Reddit is also helpful as a research tool. For example, Chipotle launched lifestyle bowls this year – available exclusively through its app – that make it easy for people who follow paleo, keto or Whole30 diets. Chipotle monitored subgroups on Reddit to see what people on those diets cared about and adjusted its menu items accordingly.
Lesson 2: Try influencer ordering
Having an exclusive item in the app works, so Chipotle has expanded on that idea. A popular YouTube influencer, David Dobrik, eats at Chipotle five times a week. So for National Burrito Day, it made the “Dobrik burrito” available through the app with free delivery – a huge success, Lieberman said.
Then it did the same thing a few months later when the US women’s soccer team won the World Cup, offering three of the stars’ orders and free delivery through its app.
Its approach has been “understanding our customer, what they are excited about, and attaching ourselves to culture,” Lieberman said.
Lesson 3: Bring viral hits to a second channel
Chipotle used one of its viral hits on Instagram to inspire a TikTok hashtag challenge.
In January, Chipotle’s Instagram account landed on a hit when it posted a meme of an employee doing a lid-flip on the line, which received more than 1 million views. Based on that success, Chipotle decided to work with TikTok in May to do a lid-flip challenge, which again included fan favorite Dobrik. Influencers started the challenge, which caught on and was featured on the app’s homepage.
When something works, Chipotle moves quickly.
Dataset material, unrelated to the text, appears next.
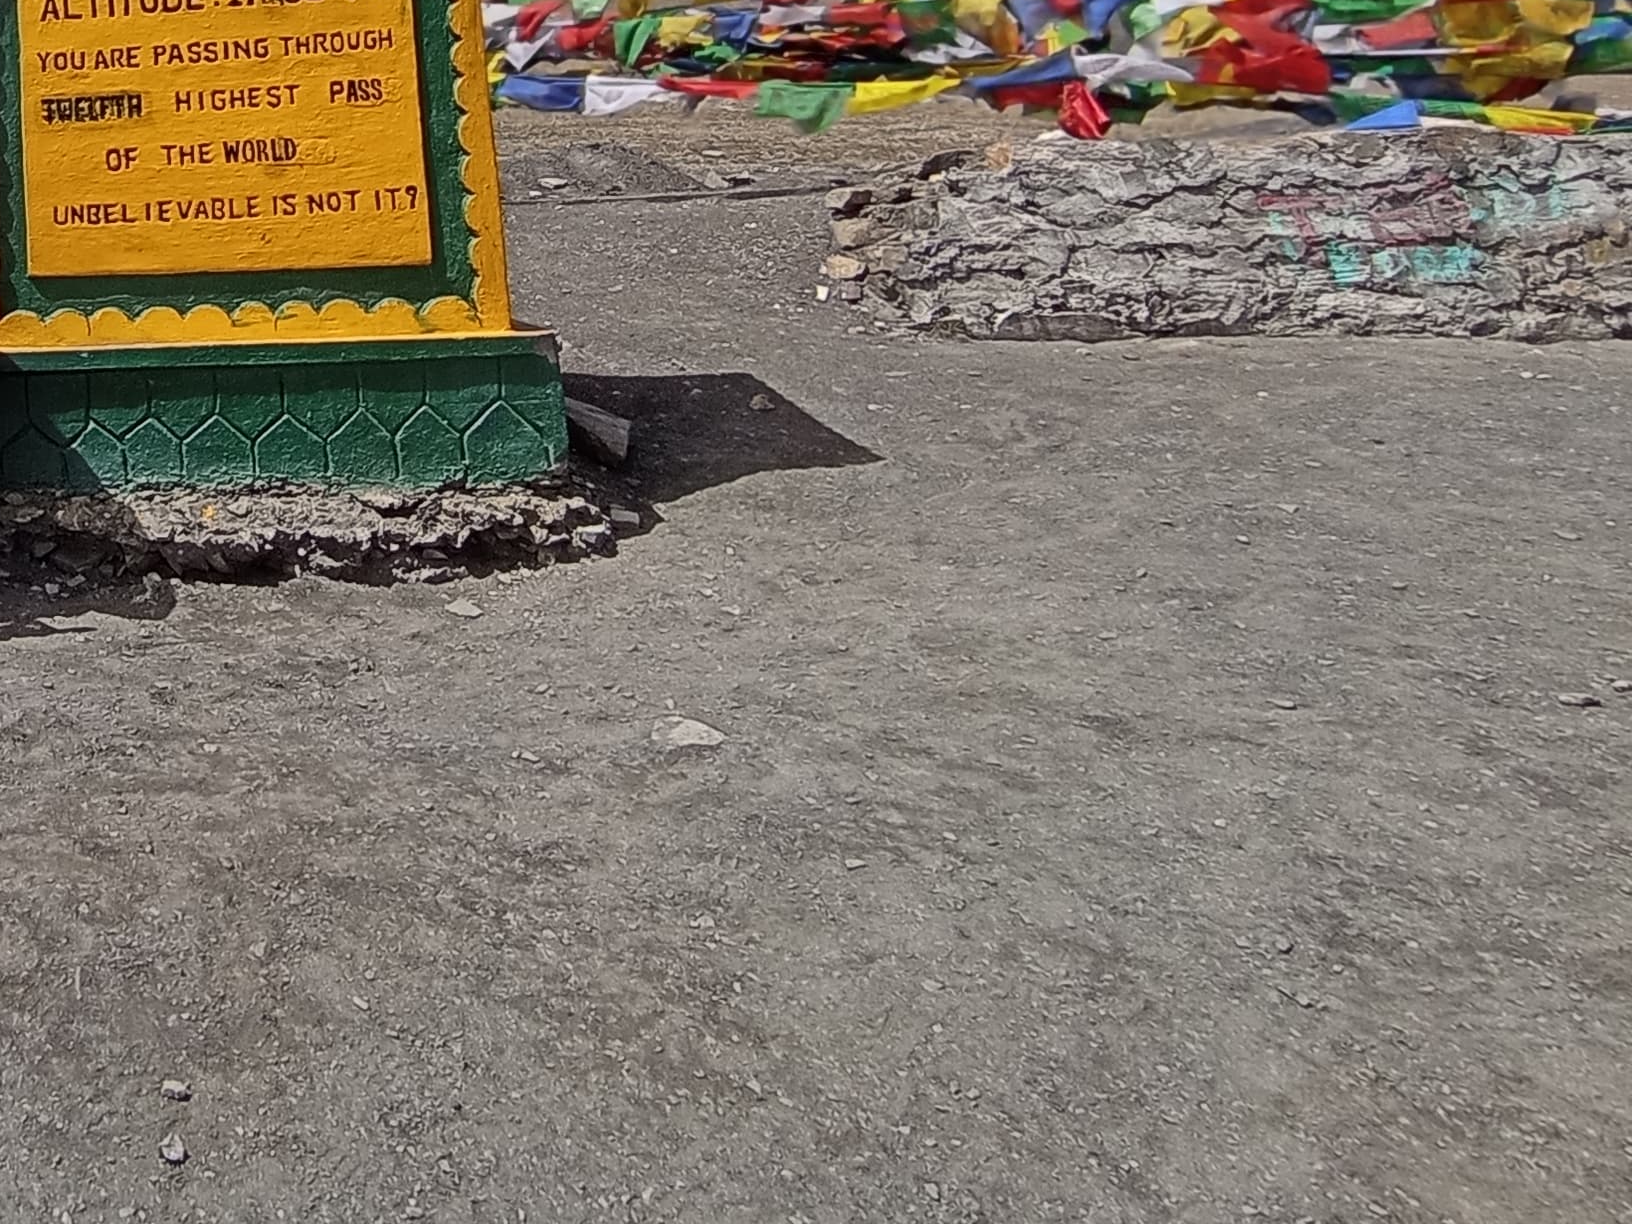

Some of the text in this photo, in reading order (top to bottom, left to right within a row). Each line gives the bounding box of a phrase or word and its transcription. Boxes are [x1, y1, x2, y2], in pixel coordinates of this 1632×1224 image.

In July, it worked with TikTok again on a “Guacamole Dance Challenge” featuring a song by Dr. Jean; posts amassed close to 1 billion views.
Chipotle took another viral hit and brought it to a second platform this year. In July, when Twitter, TikTok, Snapchat and Reddit went crazy over the idea of storming Area 51, Chipotle responded with the tweet: “Yes, we deliver to Area 51,” which was its best-performing tweet ever. After plans for the raid were called off, Chipotle went to Snapchat and created an AR burrito-toting alien, timed for when the raid was originally scheduled.
“The old way was to do a postmortem six weeks after a project,” Lieberman said. “Now it’s the next morning or that day – that’s how fast we are moving.”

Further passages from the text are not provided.